Давид Бен-Гурион провозглашает образование государства Израиль. 1948
И все же проблемы остаются. Можно даже утверждать, что старые еврейские национальные проблемы, такие болезненные и многократно обсужденные, появляются по-новому и не менее болезненно и остро.
В первую очередь иллюзией было бы считать, что разрешена дилемма «обособление или ассимиляция».
Утверждение государства Израиль безусловно показало, что обособление еврейства от европейского общества сыграло свою большую прогрессивную роль не только для евреев, но и для не-евреев. Оно ослабило позиции антисемитизма, а антисемитизм – это несчастье для «своих» наций не меньшее, если не большее, чем для евреев.

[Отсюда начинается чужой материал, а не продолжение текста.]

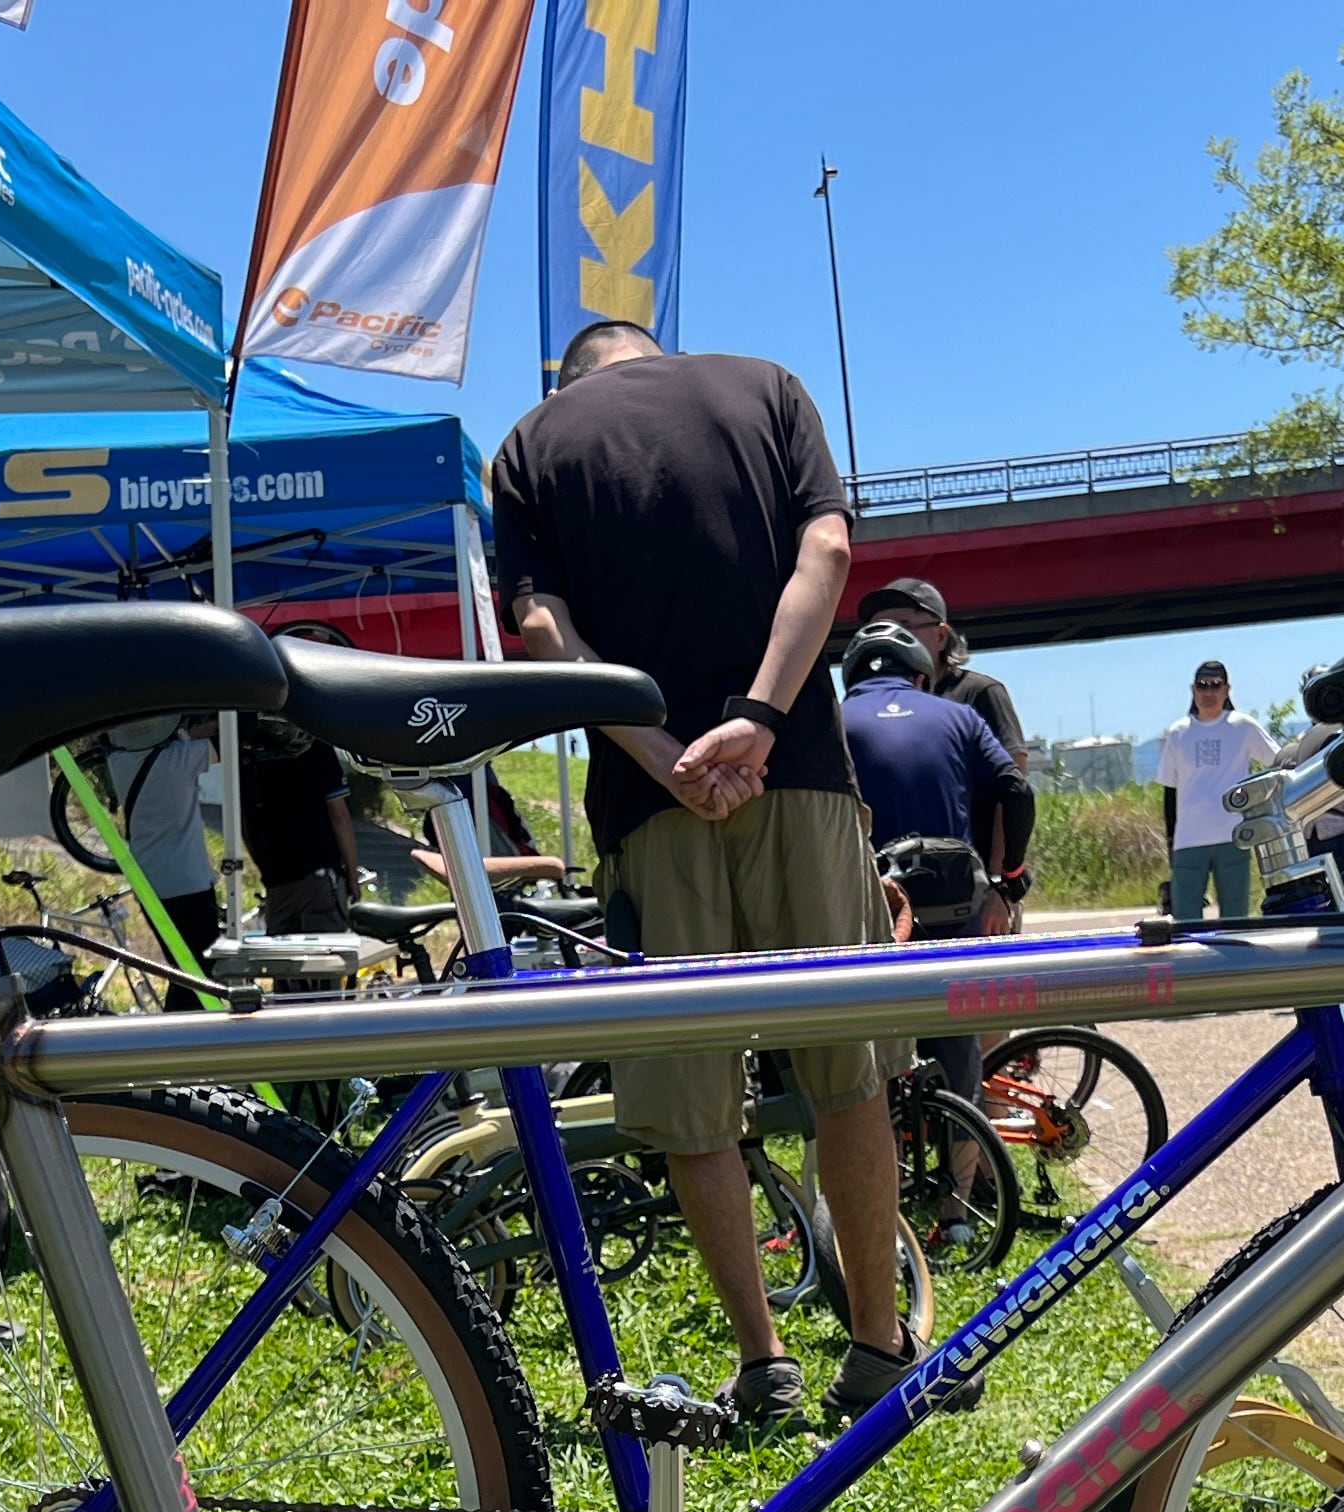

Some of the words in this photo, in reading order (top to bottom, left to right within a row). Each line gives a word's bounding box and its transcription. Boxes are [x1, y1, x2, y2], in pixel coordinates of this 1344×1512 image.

[126, 256, 217, 353] pacific-cycles.com
[309, 300, 443, 339] Pacific
[371, 339, 434, 359] Cycles

Нестабильность на Ближнем Востоке – отголосок Холокоста
Действительно, давление антисемитов на здоровую часть собственного национального общества можно сравнить разве что с деморализующей ролью охоты на ведьм в европейском средневековье. Антисемитизм, как никакая другая ксенофобия, способствует рождению ужасающих кентавров, где в единую амальгаму соединены силы технического ума с силами иррационального безумия.
Но поголовный выезд евреев в Израиль и невозможен, и нежелателен ни для всех евреев, ни для их «стран обитания» или, лучшее сказать, отчизны.
В сегодняшней еврейской литературе, а вдобавок к ней – в доброжелательно к Израилю настроенной культурно-политической литературе других наций преобладает гневное и обличительное отношение к так называемым «ассимиляторам» – еврейским деятелям, которые были сторонниками растворения евреев в чужой национальной среде.
В Израиле преобладает даже позиция, согласно которой антисемитизм – это проблема не евреев, а тех наций, которые ею болеют.
Еврейская ситуация очень напоминает ирландскую. Более бедная и недостаточно интегрированная в американское общество часть евреев живет своими еврейскими сообществами, communities, – но более зажиточная и более культурная, собственно американская (если к тому же еще и не в первом поколении) часть беспрепятственно интегрирована в соответствующие социальные прослойки, наиболее надежно – в элиту. Эти люди могут давать пожертвования на еврейские дела и вообще более чувствительны к еврейским проблемам вне Америки, чем другие американцы, – но они остаются стопроцентными американцами. Они не приедут жить в Эрец Исраэль. Можно ли говорить в этих случаях об «измене» американских евреев-ассимиляторов?